*** Opening Extracted information ***

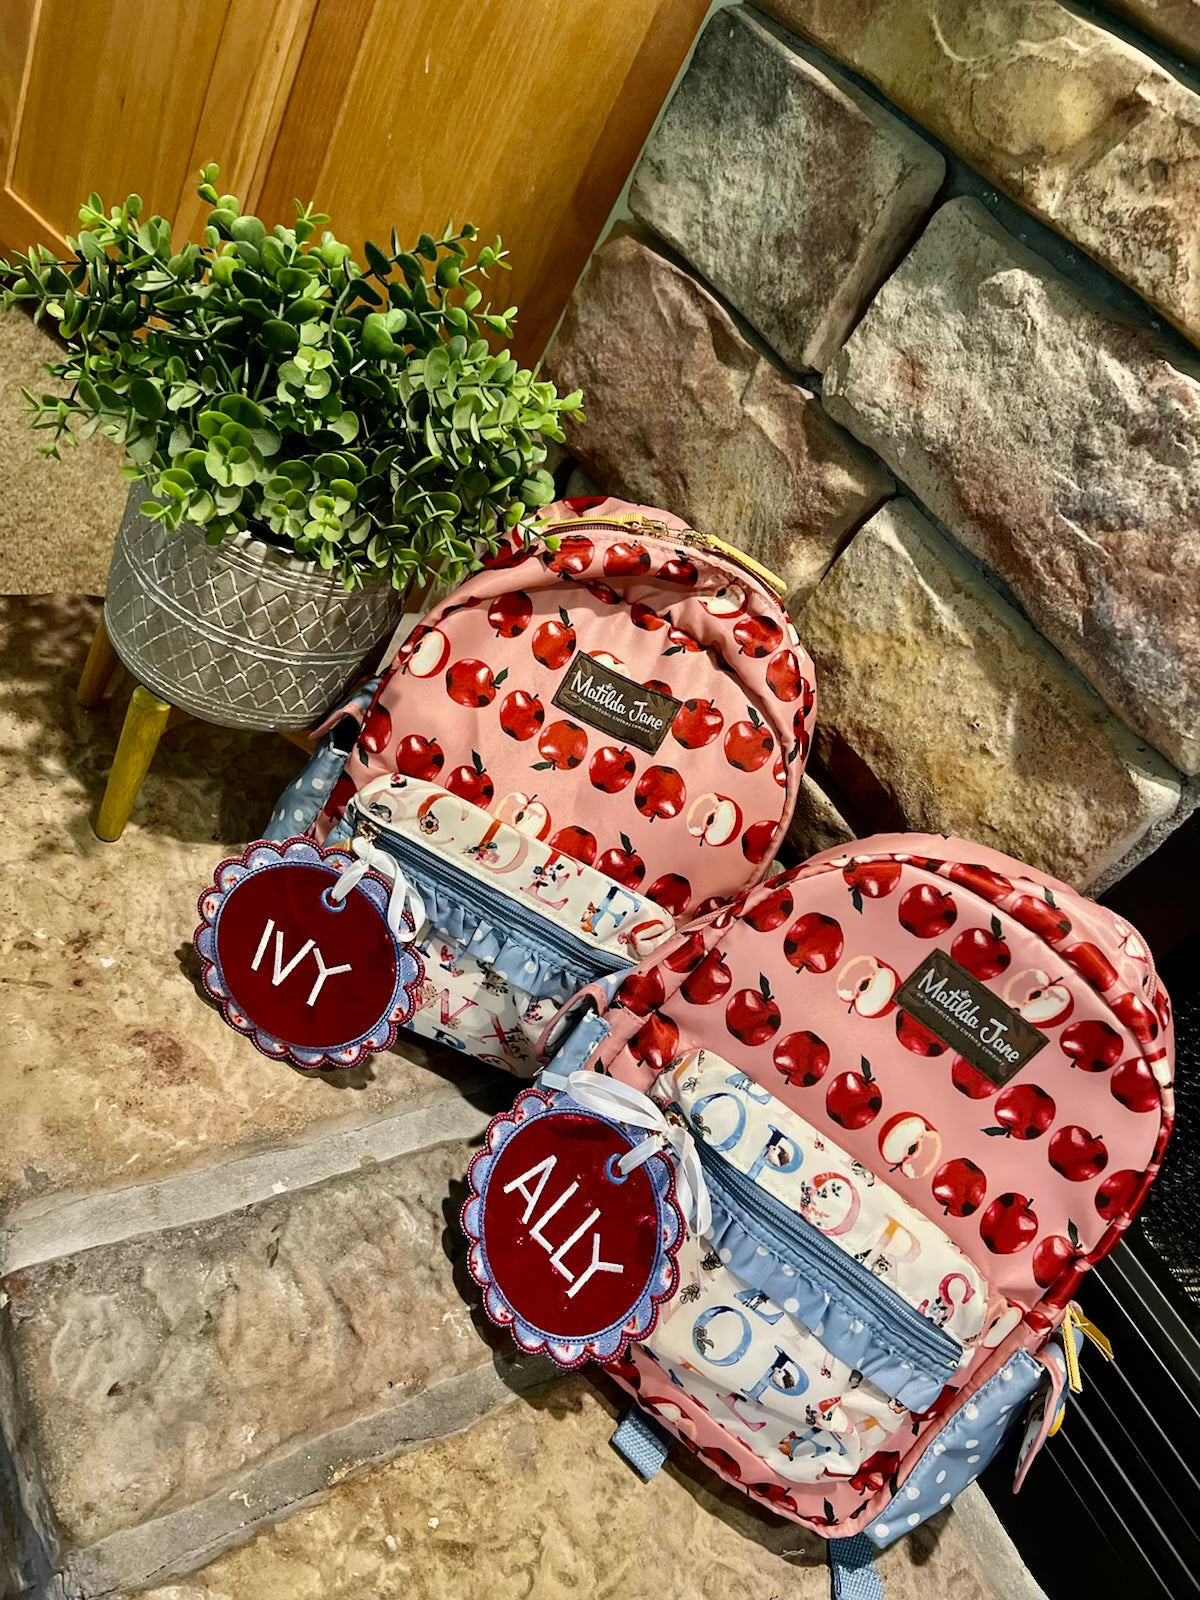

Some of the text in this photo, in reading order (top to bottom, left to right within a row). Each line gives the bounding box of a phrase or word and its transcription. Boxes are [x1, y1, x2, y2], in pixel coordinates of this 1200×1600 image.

[570, 669, 663, 731] Matilda Jane
[251, 918, 353, 1007] IVY
[917, 967, 1020, 1063] Matilda Jane
[503, 1154, 624, 1299] ALLY
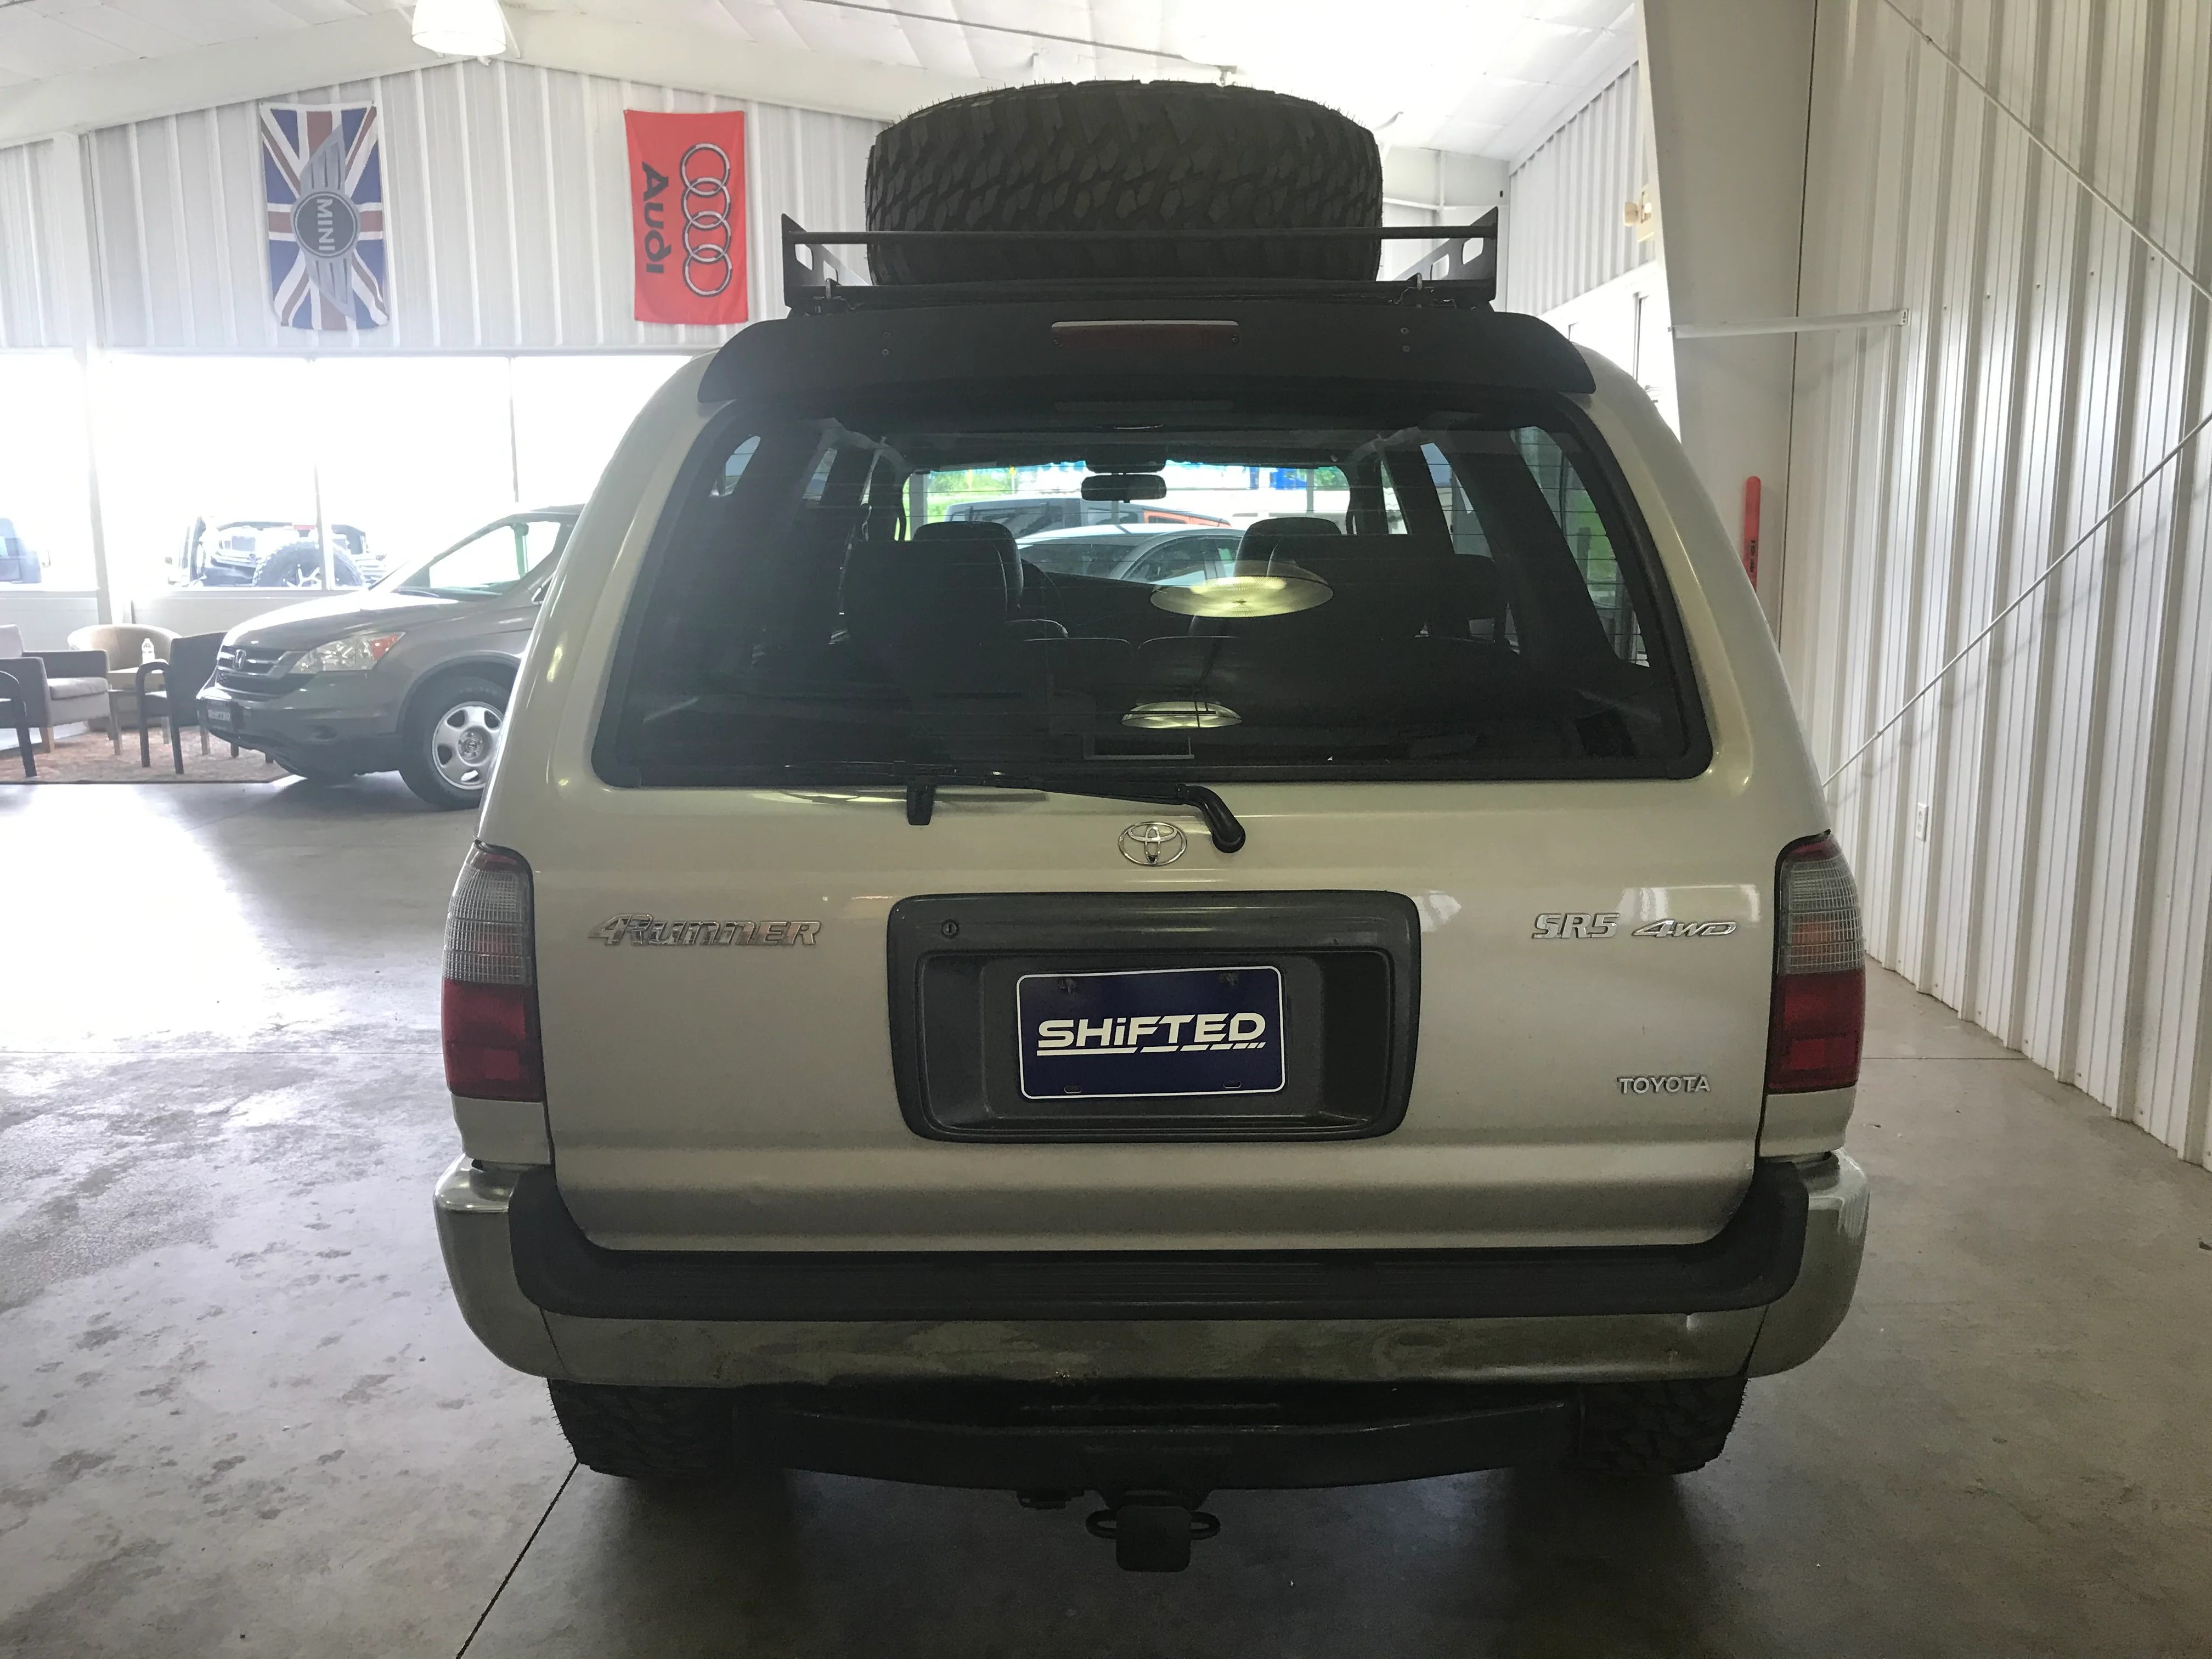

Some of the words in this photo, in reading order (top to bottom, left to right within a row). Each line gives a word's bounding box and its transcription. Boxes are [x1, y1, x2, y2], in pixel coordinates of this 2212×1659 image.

*** Closing Extracted information ***

Print all records word for word, no images.

### Answer below
Some of the text in this photo, in reading order (top to bottom, left to right within a row). Each line gives the bounding box of a phrase or word and its transcription. Boxes are [x1, y1, x2, y2], in pixel coordinates of this 1200×1600 image.

[570, 669, 663, 731] Matilda Jane
[251, 918, 353, 1007] IVY
[917, 967, 1020, 1063] Matilda Jane
[503, 1154, 624, 1299] ALLY

Some of the words in this photo, in reading order (top to bottom, left to right within a row). Each line gives a word's bounding box and its transcription. Boxes are [x1, y1, x2, y2], in pixel coordinates of this 2212×1659 image.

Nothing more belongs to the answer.